= Beginning of Section =
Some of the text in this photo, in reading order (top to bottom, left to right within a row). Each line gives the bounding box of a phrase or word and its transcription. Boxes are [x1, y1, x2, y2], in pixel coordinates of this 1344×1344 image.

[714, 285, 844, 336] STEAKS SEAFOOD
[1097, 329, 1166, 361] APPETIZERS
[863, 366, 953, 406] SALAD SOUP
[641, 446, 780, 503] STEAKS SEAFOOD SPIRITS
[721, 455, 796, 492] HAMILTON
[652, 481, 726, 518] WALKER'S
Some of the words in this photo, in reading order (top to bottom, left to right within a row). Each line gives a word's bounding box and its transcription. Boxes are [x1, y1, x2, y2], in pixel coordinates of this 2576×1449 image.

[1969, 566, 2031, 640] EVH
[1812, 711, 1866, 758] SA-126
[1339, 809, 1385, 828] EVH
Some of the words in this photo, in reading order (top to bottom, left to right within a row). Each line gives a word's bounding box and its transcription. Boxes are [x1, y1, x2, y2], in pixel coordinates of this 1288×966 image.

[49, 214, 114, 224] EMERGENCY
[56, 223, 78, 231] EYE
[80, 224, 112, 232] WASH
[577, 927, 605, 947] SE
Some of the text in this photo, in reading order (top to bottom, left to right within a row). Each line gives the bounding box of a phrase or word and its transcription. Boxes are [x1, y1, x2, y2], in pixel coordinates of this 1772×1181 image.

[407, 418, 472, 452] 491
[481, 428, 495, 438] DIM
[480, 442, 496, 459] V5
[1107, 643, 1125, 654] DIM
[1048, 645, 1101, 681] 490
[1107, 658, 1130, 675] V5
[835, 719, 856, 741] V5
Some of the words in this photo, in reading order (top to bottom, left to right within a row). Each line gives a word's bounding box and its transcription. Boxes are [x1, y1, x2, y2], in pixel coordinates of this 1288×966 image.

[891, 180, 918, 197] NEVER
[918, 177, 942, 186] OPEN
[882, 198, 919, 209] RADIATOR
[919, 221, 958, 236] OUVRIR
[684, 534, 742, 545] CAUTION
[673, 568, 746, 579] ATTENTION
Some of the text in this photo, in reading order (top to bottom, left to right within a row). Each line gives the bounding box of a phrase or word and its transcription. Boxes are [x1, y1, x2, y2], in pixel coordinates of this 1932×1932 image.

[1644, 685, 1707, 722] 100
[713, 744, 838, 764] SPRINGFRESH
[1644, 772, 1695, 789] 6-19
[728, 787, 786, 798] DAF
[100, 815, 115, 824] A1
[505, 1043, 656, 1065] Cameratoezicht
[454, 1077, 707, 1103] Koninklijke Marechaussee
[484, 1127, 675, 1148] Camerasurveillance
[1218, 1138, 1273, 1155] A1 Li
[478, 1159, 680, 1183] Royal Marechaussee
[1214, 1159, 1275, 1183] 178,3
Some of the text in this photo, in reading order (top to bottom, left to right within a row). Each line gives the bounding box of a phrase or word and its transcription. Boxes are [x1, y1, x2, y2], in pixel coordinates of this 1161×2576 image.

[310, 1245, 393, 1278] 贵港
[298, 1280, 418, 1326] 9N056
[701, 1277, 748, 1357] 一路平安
= End of Section =
WORK TASK: Quote, without alteration, the final stretch of the entries: the line with "this 1772×1181 image." onward to the last line.

ANSWER TO THE EXERCISE:
Some of the text in this photo, in reading order (top to bottom, left to right within a row). Each line gives the bounding box of a phrase or word and its transcription. Boxes are [x1, y1, x2, y2], in pixel coordinates of this 1772×1181 image.

[407, 418, 472, 452] 491
[481, 428, 495, 438] DIM
[480, 442, 496, 459] V5
[1107, 643, 1125, 654] DIM
[1048, 645, 1101, 681] 490
[1107, 658, 1130, 675] V5
[835, 719, 856, 741] V5
Some of the words in this photo, in reading order (top to bottom, left to right within a row). Each line gives a word's bounding box and its transcription. Boxes are [x1, y1, x2, y2], in pixel coordinates of this 1288×966 image.

[891, 180, 918, 197] NEVER
[918, 177, 942, 186] OPEN
[882, 198, 919, 209] RADIATOR
[919, 221, 958, 236] OUVRIR
[684, 534, 742, 545] CAUTION
[673, 568, 746, 579] ATTENTION
Some of the text in this photo, in reading order (top to bottom, left to right within a row). Each line gives the bounding box of a phrase or word and its transcription. Boxes are [x1, y1, x2, y2], in pixel coordinates of this 1932×1932 image.

[1644, 685, 1707, 722] 100
[713, 744, 838, 764] SPRINGFRESH
[1644, 772, 1695, 789] 6-19
[728, 787, 786, 798] DAF
[100, 815, 115, 824] A1
[505, 1043, 656, 1065] Cameratoezicht
[454, 1077, 707, 1103] Koninklijke Marechaussee
[484, 1127, 675, 1148] Camerasurveillance
[1218, 1138, 1273, 1155] A1 Li
[478, 1159, 680, 1183] Royal Marechaussee
[1214, 1159, 1275, 1183] 178,3
Some of the text in this photo, in reading order (top to bottom, left to right within a row). Each line gives the bounding box of a phrase or word and its transcription. Boxes are [x1, y1, x2, y2], in pixel coordinates of this 1161×2576 image.

[310, 1245, 393, 1278] 贵港
[298, 1280, 418, 1326] 9N056
[701, 1277, 748, 1357] 一路平安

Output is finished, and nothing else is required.